Opportunistic viral infections can cause serious morbidity and mortality in immunocompromised patients after allogeneic stem cell transplantation. Clinical studies have shown that adoptive transfer of donor-derived T cells specific for cytomegalovirus (CMV), Epstein-Barr virus (EBV), or human adenovirus (HAdV) can be a safe and effective treatment of infections with these major viral pathogens. The aim of this study was to develop a method for the simultaneous isolation of coordinated CD8(+) and CD4(+) memory T-cell responses against a broad repertoire of viral epitopes. To ensure that the method was applicable to a wide variety of virus-specific T cells that may differ in phenotypic and functional properties, we focused on T cells specific for the persistent viruses, CMV and EBV, and T cells specific for HAdV and influenza (FLU), which are not repetitively activated in vivo after initial viral clearance. Following in vitro activation, nearly all T cells specific for these viruses produced interferon γ (IFN-γ) and tumor necrosis factor α, and expressed CD137, whereas the populations varied in the production of interleukin-2, degranulation, and expression of phenotypic markers.

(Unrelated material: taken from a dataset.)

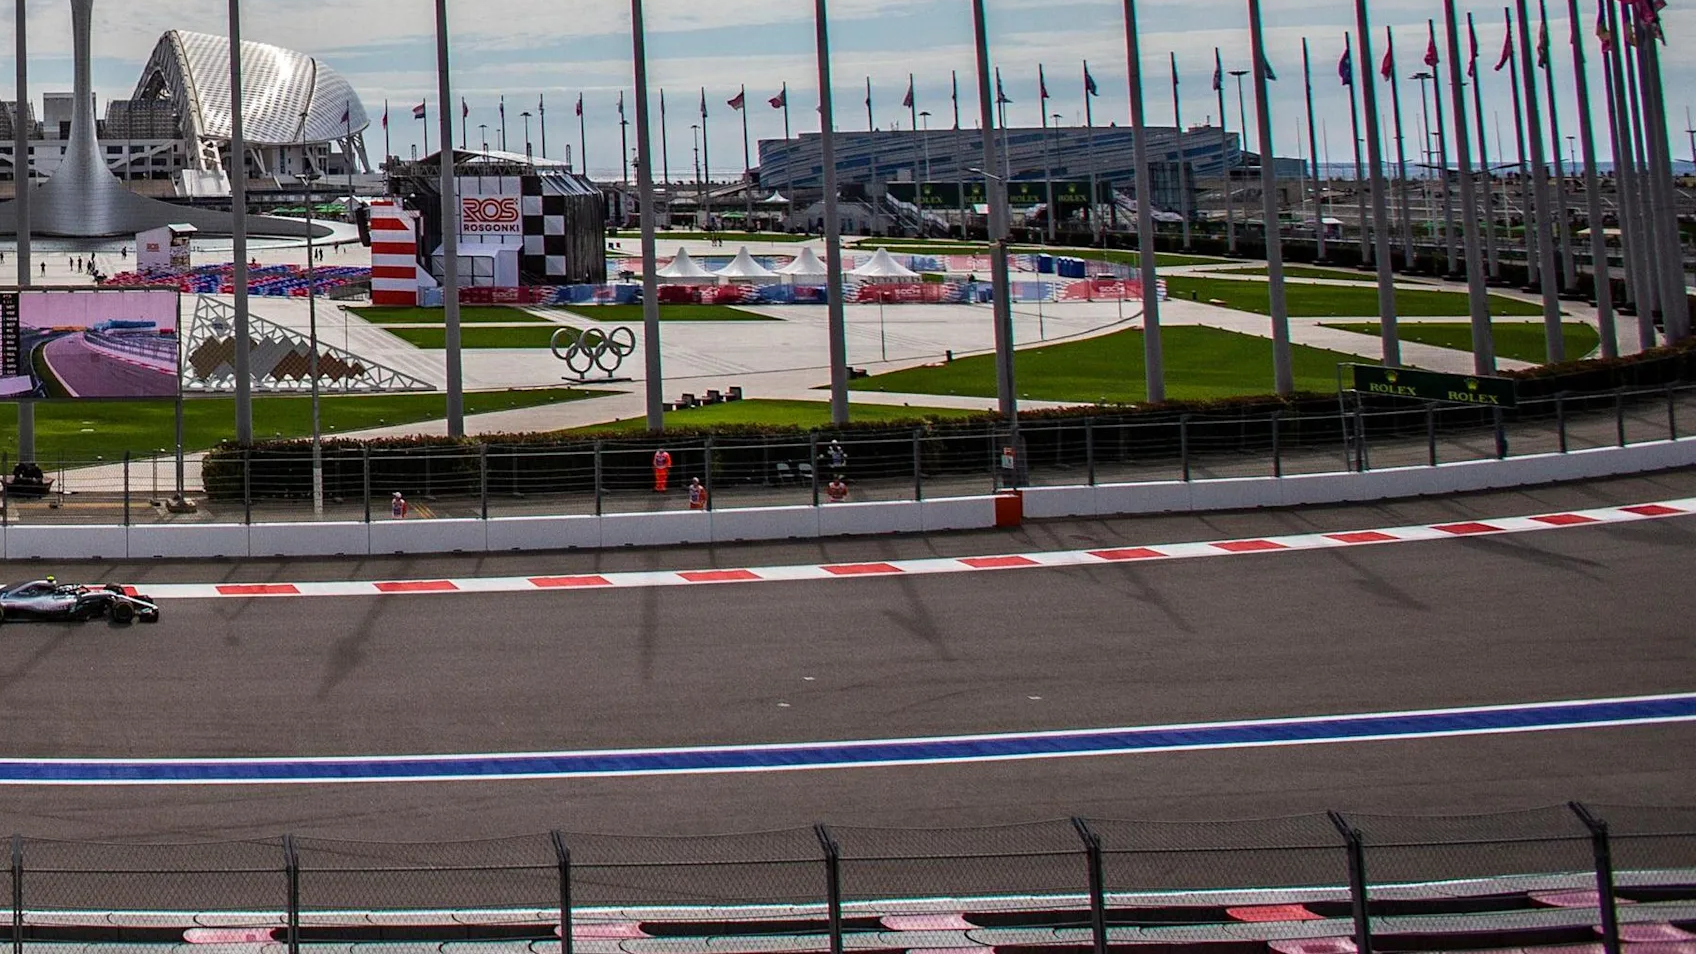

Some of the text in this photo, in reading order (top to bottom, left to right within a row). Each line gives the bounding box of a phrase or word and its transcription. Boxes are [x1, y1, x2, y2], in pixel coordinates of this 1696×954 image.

Different kinetics of IFN-γ production were observed in CMV/EBV-specific T cells and HAdV/FLU-specific T cells. However, after the stimulation of peripheral blood from seropositive donors with viral protein-spanning peptide pools, the activated virus-specific CD8(+) and CD4(+) T cells could be simultaneously isolated by either IFN-γ-based or CD137-based enrichment. This study provides an efficient and widely applicable strategy for the isolation of virus-specific T cells, which may be used for the reconstitution of virus-specific immunity in allogeneic stem cell transplantation recipients.